At another part of the play, the same Puck talks about how the humans will react to the supernatural behaviors in the play. Oberon, King of the Fairies, talks to Puck:
When they next wake, all this derision
Shall seem a dream and fruitless vision,
...all things shall be peace.
Puck. My fairy lord, this must be done with haste,
For night's swift dragons cut the clouds full fast,
And yonder shines Aurora's harbinger;
At whose approach, ghosts, wandering here and there,
Troop home to churchyards: damned spirits all,
That in crossways and floods have burial,
Already to their wormy beds are gone;
For fear lest day should look their shames upon,
They wilfully themselves exile from light,
And must for aye consort with black-brow'd night.
Oberon: But we are spirits of another sort:
I with the morning's love have oft made sport,
And, like a forester, the groves may tread,
Even till the eastern gate, all fiery red,
Opening on Neptune with fair blessed beams,
Turns into yellow gold his salt green streams.

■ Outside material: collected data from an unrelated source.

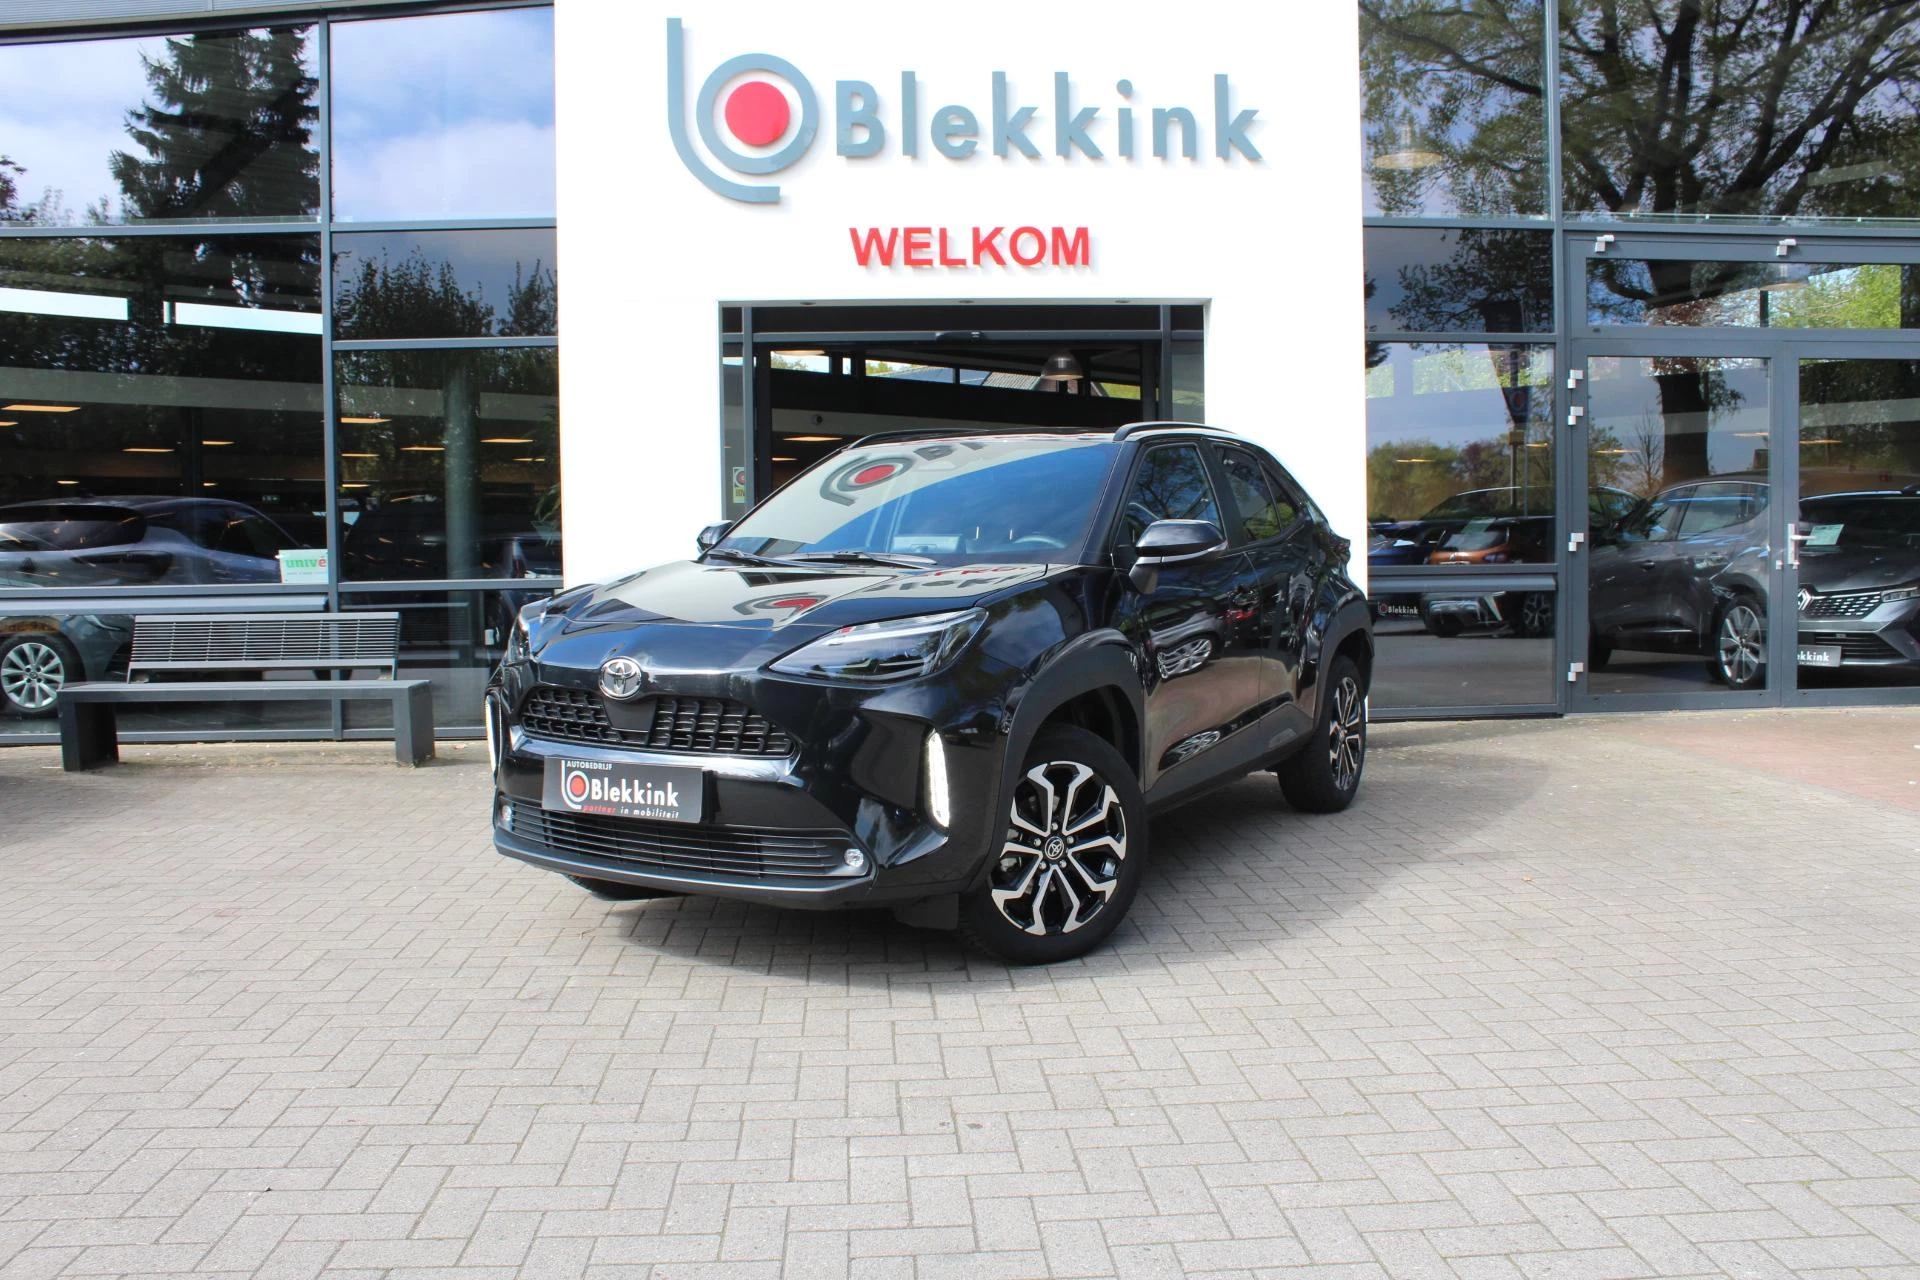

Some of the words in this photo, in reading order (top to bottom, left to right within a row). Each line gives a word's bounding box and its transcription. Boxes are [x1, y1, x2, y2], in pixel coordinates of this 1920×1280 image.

[836, 71, 1263, 160] Blekkink
[849, 226, 1091, 267] WELKOM
[566, 760, 613, 771] AUTOBEDRIJF
[591, 777, 679, 807] Blekkink
[583, 804, 617, 814] partner
[620, 806, 629, 814] in
[633, 808, 680, 819] mobiliteit
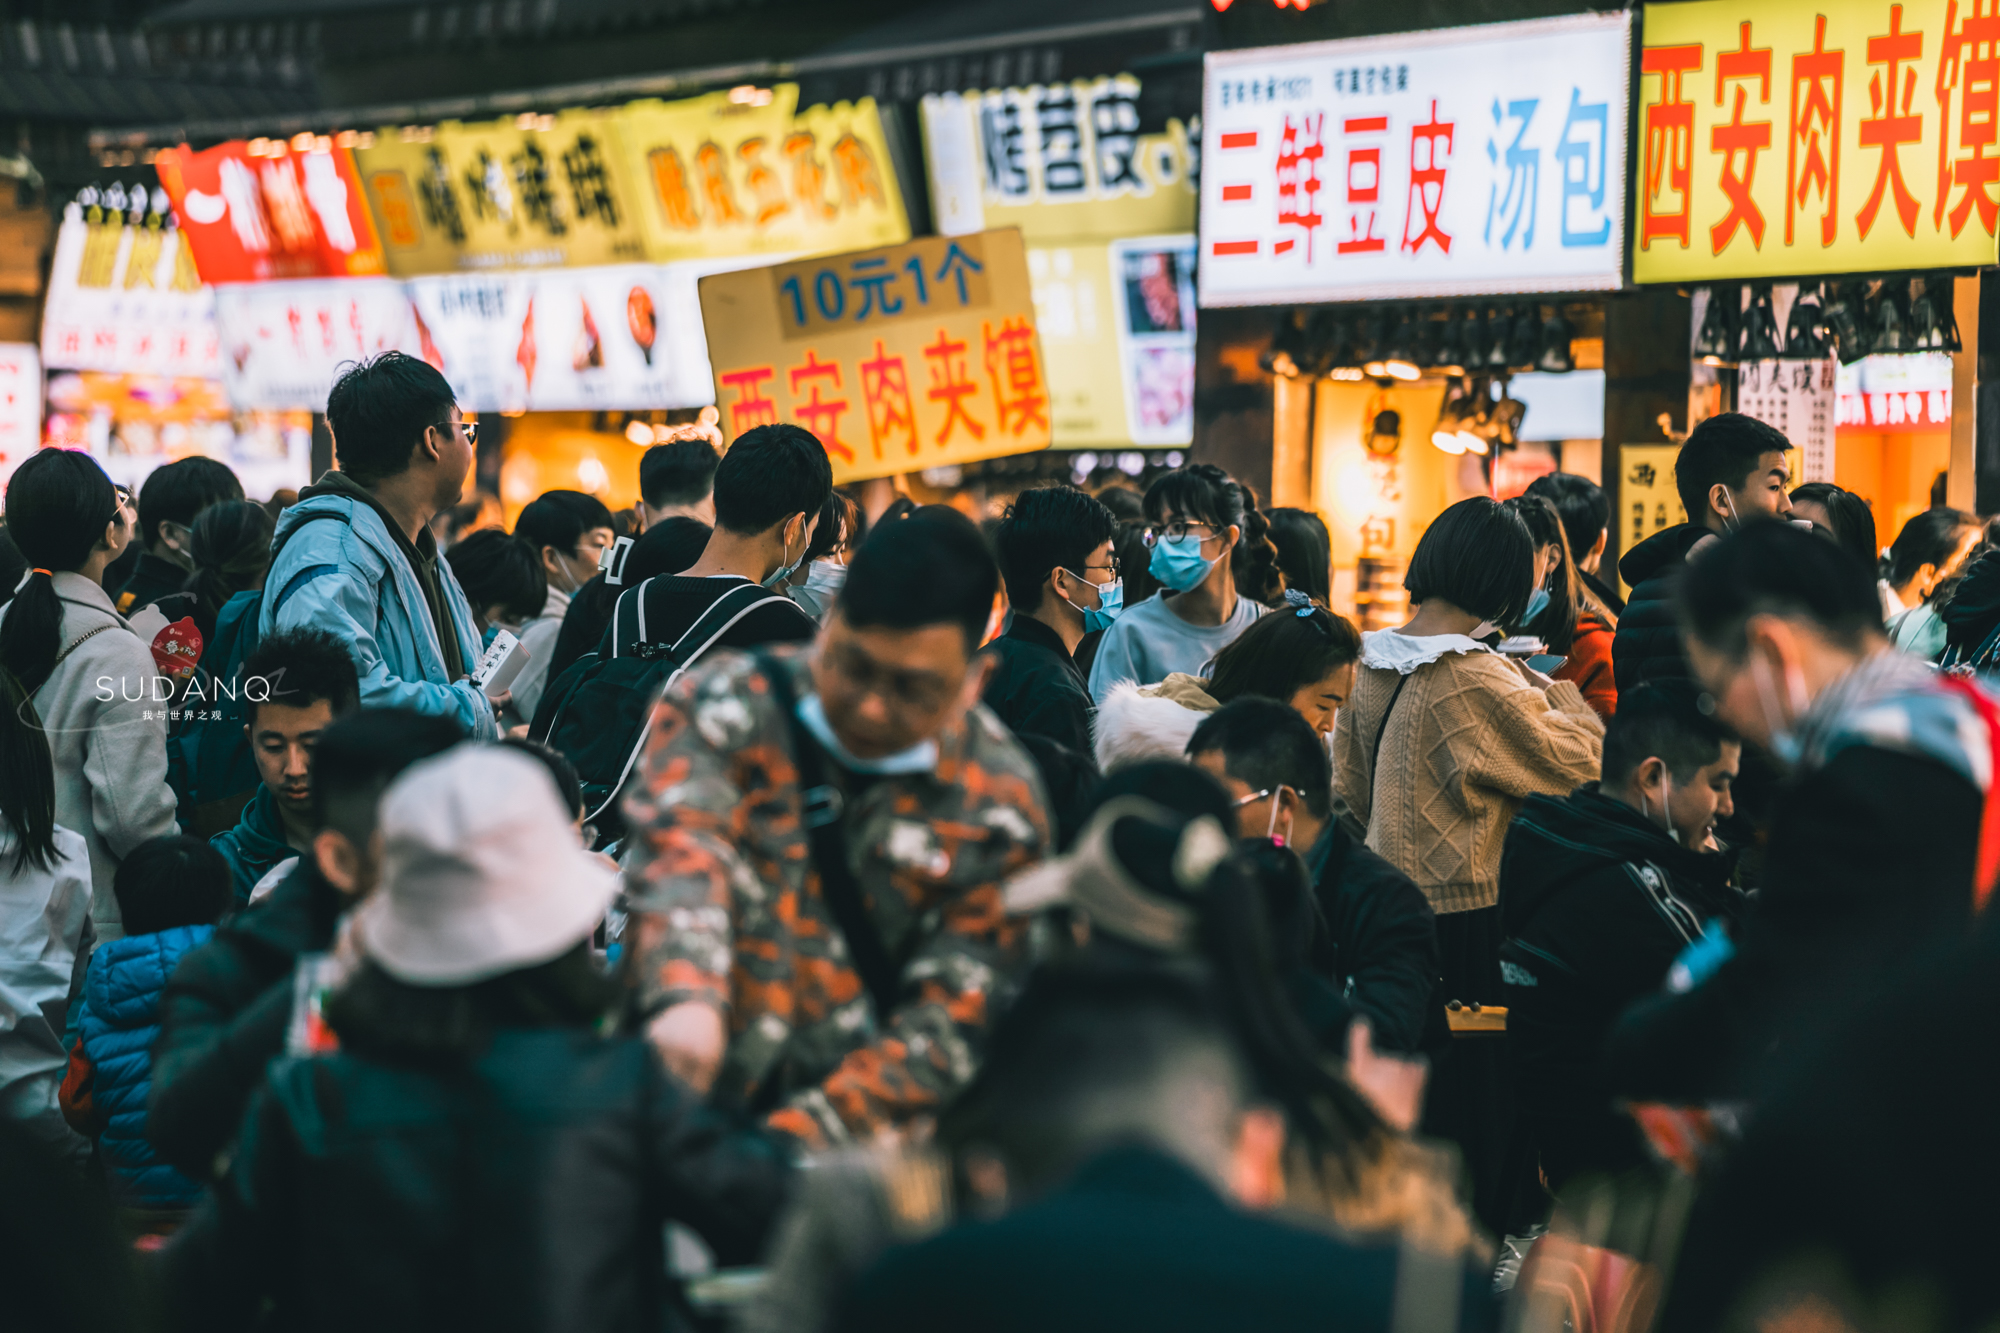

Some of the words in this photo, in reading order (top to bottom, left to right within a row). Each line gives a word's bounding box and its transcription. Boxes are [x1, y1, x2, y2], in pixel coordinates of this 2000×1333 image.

[1212, 96, 1456, 264] 三鲜豆皮
[1483, 85, 1611, 252] 汤包
[1641, 0, 2000, 256] 西安肉夹馍
[780, 240, 983, 328] 10元1个
[721, 316, 1050, 464] 西安肉夹馍
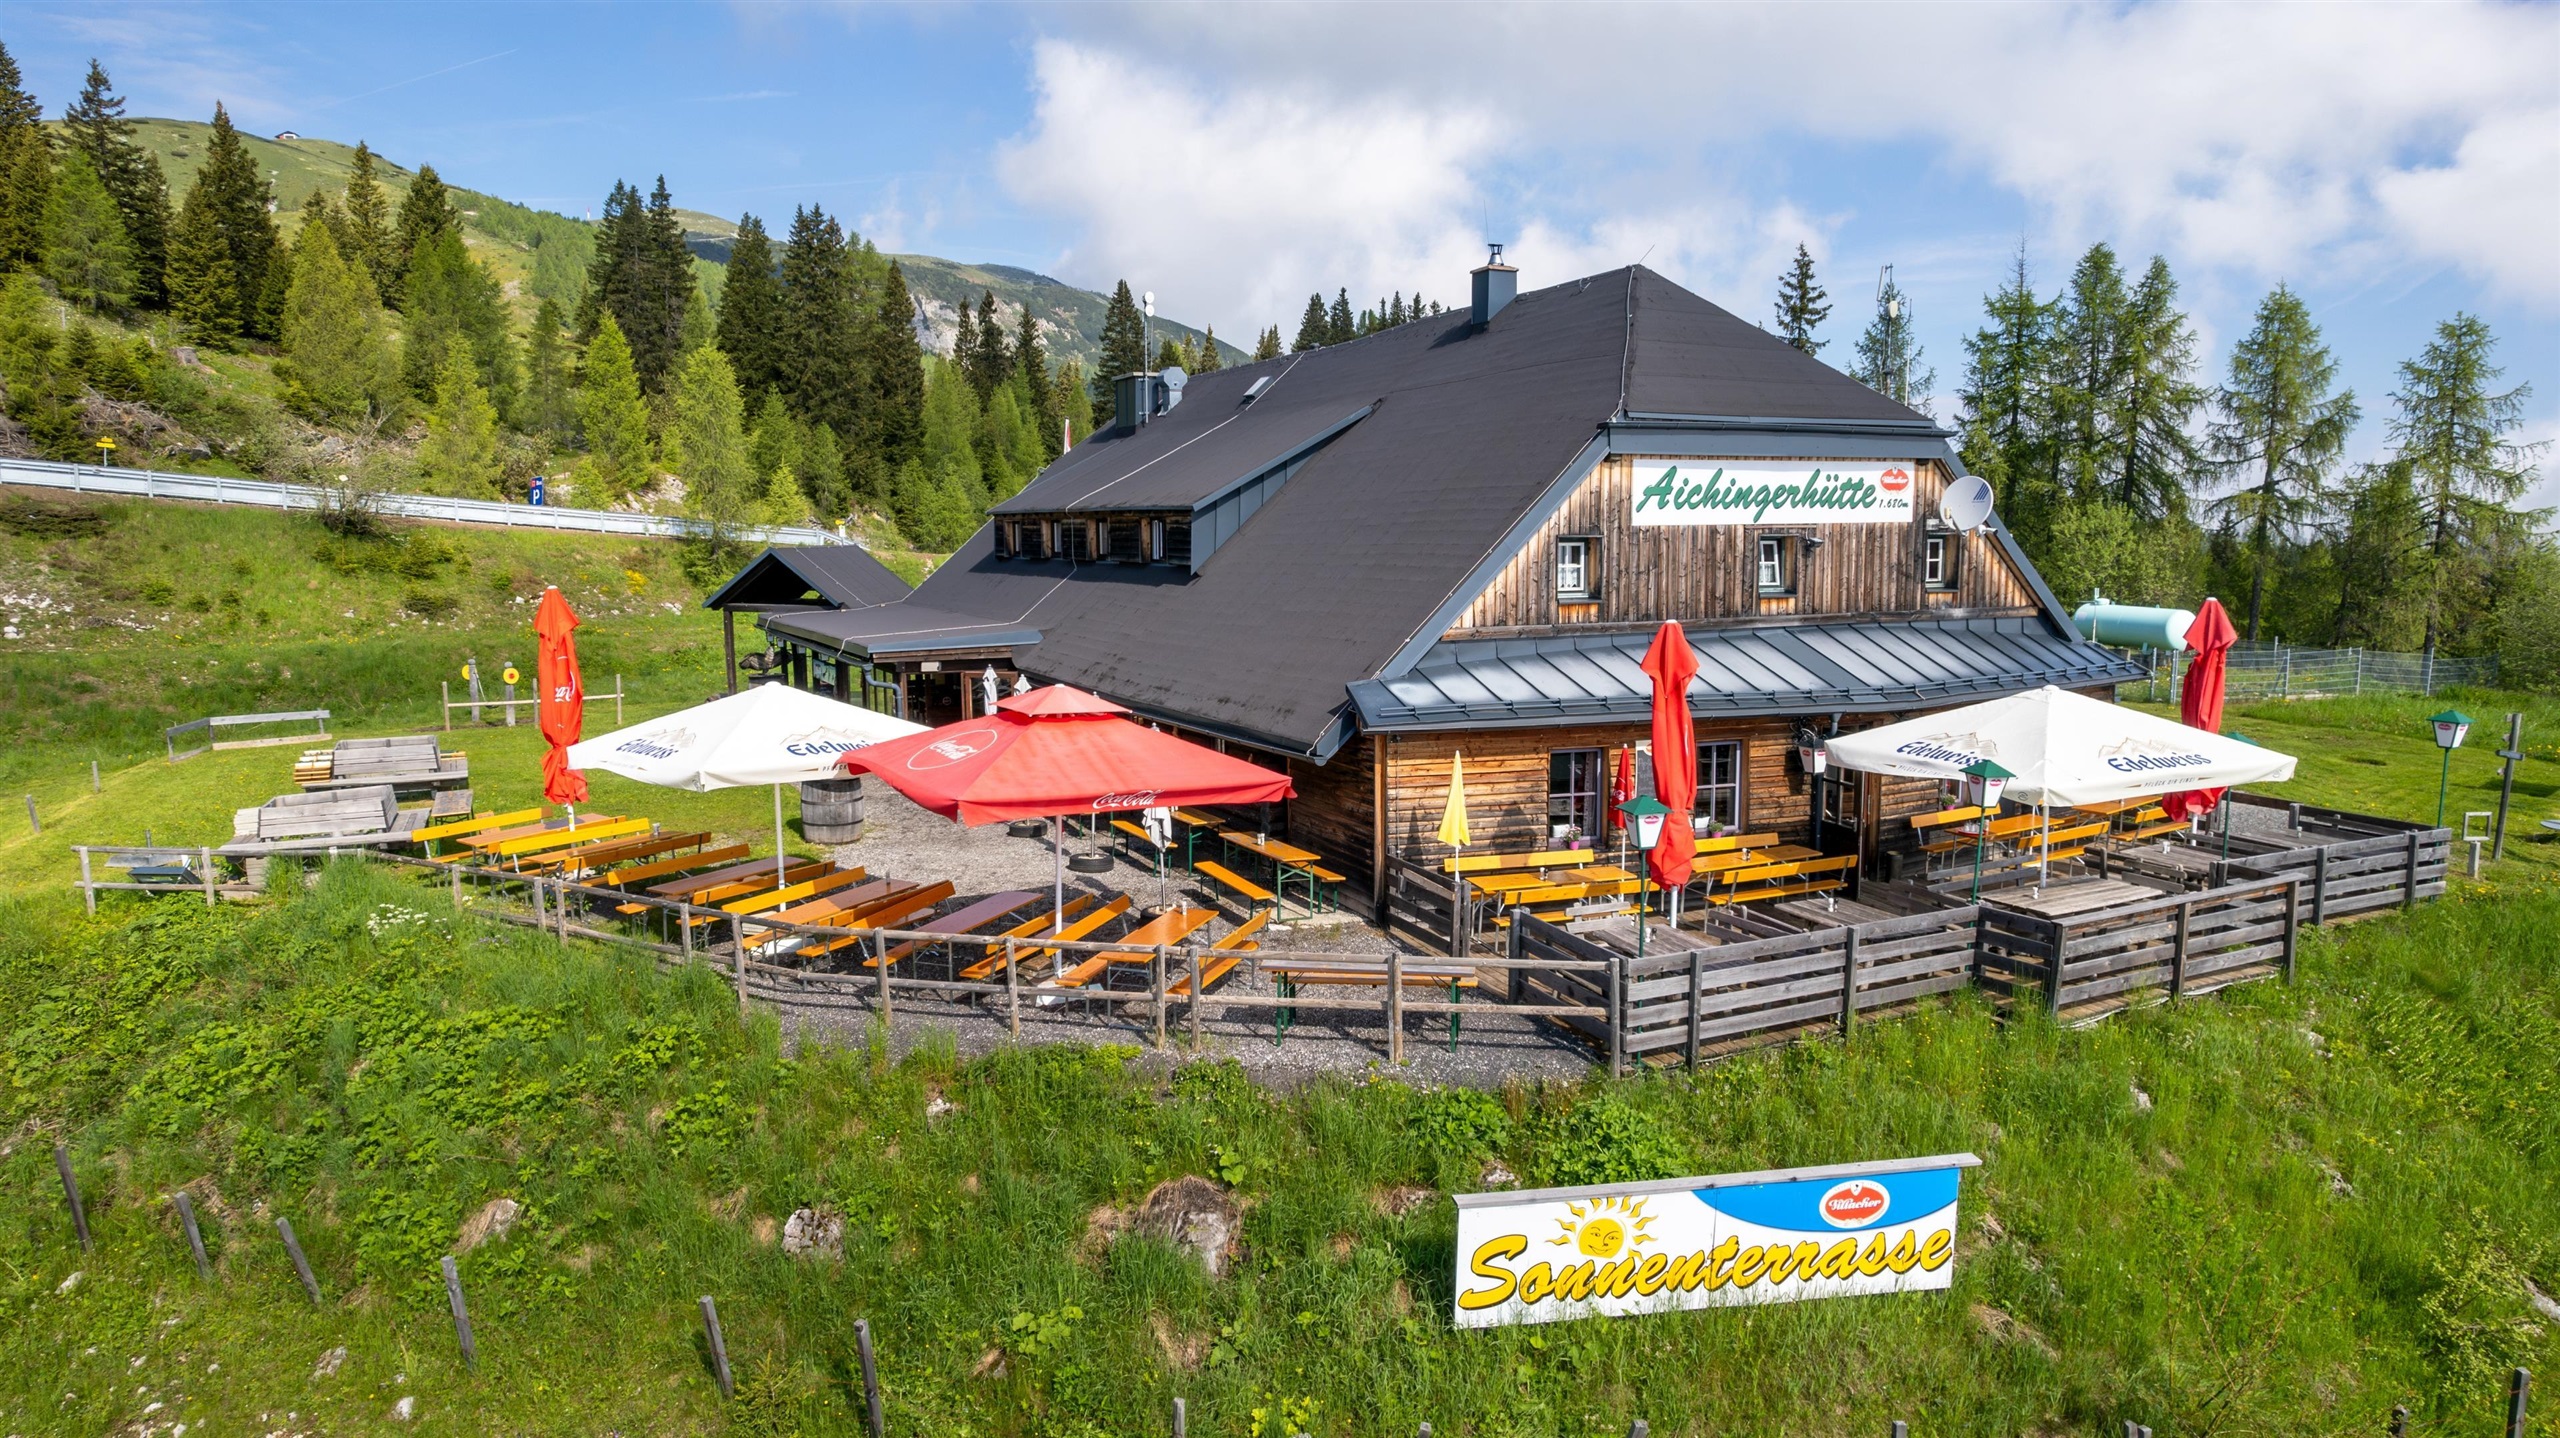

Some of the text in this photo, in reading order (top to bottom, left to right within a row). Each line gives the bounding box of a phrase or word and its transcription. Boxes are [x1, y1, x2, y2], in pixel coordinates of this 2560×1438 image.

[533, 489, 540, 505] P
[1636, 465, 1878, 523] Aichingerhütte
[2107, 752, 2212, 772] Edelweiss
[1458, 1227, 1954, 1311] Sonnenterrasse

But, notwithstanding, haste; make no delay:
We may effect this business yet ere day.
[Exit.
Puck. Up and down, up and down;
I will lead them up and down:
I am fear'd in field and town;
Goblin, lead them up and down.
COMEDY AND TRAGEDY IN SHAKESPEARE OFTEN CO-EXIST--WHAT IS HUMOROUS IN MND MAY NOT BE IN R & J. RULES FOR DRAMATIC COMPOSITION IN SHAKESPEARE'S DAY SAID THAT COMEDY AND TRAGEDY DID NOT MIX--SHAKESPEARE ON THE CONTRARY WAS AHEAD OF HIS TIME AND KNEW THAT THEY DID. PLAYS WRITTEN LATER IN HIS CAREER THAT BLEND THE TWO ARE: HAMLET AND KING LEAR.